JAKARTA, Pesirah.com – Ketua Dewan Pers Ninik Rahayu menyatakan Dewan Pers tidak bisa memaksa perusahaan pers untuk didata atau ikut verifikasi media.
Dalam keterangan resminya di Jakarta, Ninik menjelaskan saat lahirnya Undang-Undang Nomor 40 Tahun 1999 tentang Pers, tidak mengenal pendaftaran bagi perusahaan pers.
“Setiap orang, dapat mendirikan perusahaan pers dan menjalankan tugas jurnalistik tanpa harus mendaftar ke lembaga mana pun, termasuk ke Dewan Pers,” katanya.

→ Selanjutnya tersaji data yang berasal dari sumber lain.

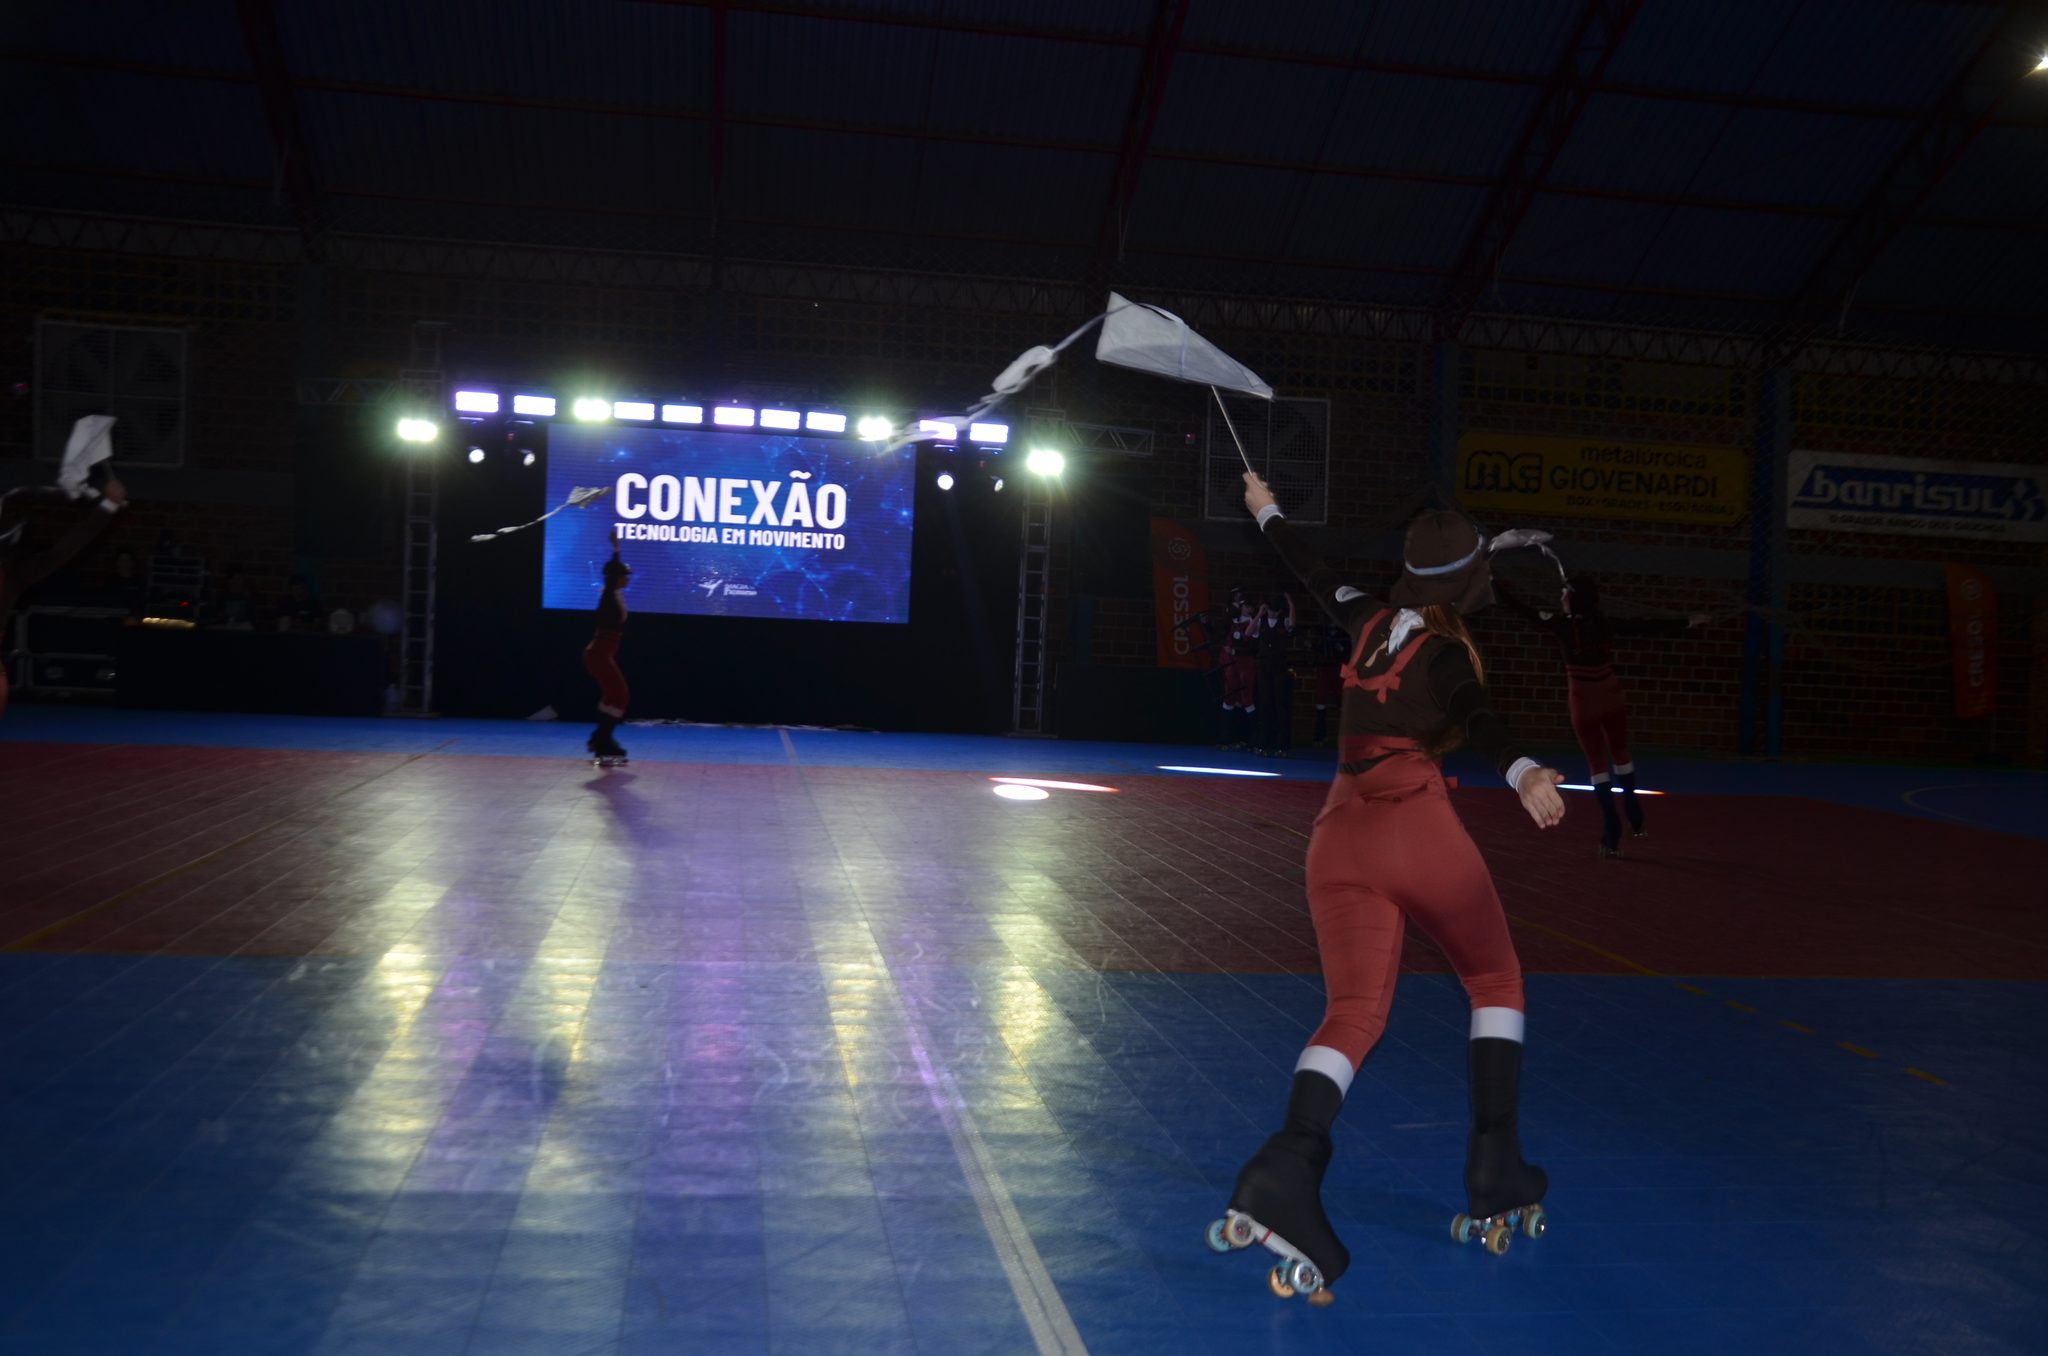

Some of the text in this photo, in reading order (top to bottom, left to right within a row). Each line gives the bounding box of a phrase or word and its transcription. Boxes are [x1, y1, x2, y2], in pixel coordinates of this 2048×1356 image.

Sepanjang perusahaan pers memenuhi syarat berbadan hukum Indonesia dan menjalankan tugas jurnalistik secara teratur, sesuai Pasal 9 ayat (2) UU Pers dan Kode Etik Jurnalistik, dapat disebut sebagai perusahaan pers, sekalipun belum terdata di Dewan Pers.
Sesuai pasal 15 ayat 2 (huruf g) UU Pers, tugas Dewan Pers antara lain mendata perusahaan pers.
Pendataan perusahaan oleh Dewan Pers tidak bisa disamakan dengan pendaftaran dan keduanya sangatlah berbeda.
Pelaksanaan tugas mendata perusahaan pers, sebagaimana pelaksanaan tugas-tugas lainnya yang dimandatkan oleh Undang-Undang Pers, ditujukan untuk mengembangkan kemerdekaan pers dan meningkatkan kehidupan pers nasional.
“Pendataan perusahaan pers merupakan stelsel pasif dan mandiri. Artinya, perusahaan pers yang berinisiatif untuk mengajukan diri agar diverifikasi (didata) oleh Dewan Pers sesuai aturan yang ada,” jelas Ninik.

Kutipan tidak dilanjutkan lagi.